Data excerpts:
----

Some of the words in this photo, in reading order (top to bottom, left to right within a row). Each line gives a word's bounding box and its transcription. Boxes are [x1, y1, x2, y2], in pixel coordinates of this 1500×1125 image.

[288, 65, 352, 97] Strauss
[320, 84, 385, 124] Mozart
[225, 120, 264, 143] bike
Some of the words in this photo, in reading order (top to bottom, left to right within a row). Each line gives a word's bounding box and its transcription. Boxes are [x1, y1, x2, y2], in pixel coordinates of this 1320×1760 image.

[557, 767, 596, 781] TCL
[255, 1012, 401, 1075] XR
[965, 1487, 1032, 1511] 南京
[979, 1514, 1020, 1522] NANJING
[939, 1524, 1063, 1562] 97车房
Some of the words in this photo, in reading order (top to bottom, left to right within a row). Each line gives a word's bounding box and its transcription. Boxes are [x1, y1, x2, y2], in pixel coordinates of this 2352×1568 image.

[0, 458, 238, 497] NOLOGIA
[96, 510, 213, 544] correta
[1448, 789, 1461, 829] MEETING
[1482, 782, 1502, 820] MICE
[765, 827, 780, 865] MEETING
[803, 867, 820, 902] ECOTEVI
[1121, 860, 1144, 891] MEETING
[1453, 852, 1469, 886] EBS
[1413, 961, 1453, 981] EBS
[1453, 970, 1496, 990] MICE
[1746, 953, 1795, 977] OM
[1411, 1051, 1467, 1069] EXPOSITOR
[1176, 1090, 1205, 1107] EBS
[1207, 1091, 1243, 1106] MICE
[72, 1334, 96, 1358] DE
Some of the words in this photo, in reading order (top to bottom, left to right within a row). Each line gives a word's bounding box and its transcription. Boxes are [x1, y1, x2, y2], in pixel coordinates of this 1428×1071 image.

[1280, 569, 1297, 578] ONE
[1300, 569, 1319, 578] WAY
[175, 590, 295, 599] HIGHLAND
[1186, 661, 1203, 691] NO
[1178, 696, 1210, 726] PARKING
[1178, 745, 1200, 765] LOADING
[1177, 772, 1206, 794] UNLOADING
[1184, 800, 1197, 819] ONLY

----

[Exercise]
In the records above, return precisely the line containing "this 1428×1071 image." and each line that comes after it, up to the final one.

[Answer section]
Some of the words in this photo, in reading order (top to bottom, left to right within a row). Each line gives a word's bounding box and its transcription. Boxes are [x1, y1, x2, y2], in pixel coordinates of this 1428×1071 image.

[1280, 569, 1297, 578] ONE
[1300, 569, 1319, 578] WAY
[175, 590, 295, 599] HIGHLAND
[1186, 661, 1203, 691] NO
[1178, 696, 1210, 726] PARKING
[1178, 745, 1200, 765] LOADING
[1177, 772, 1206, 794] UNLOADING
[1184, 800, 1197, 819] ONLY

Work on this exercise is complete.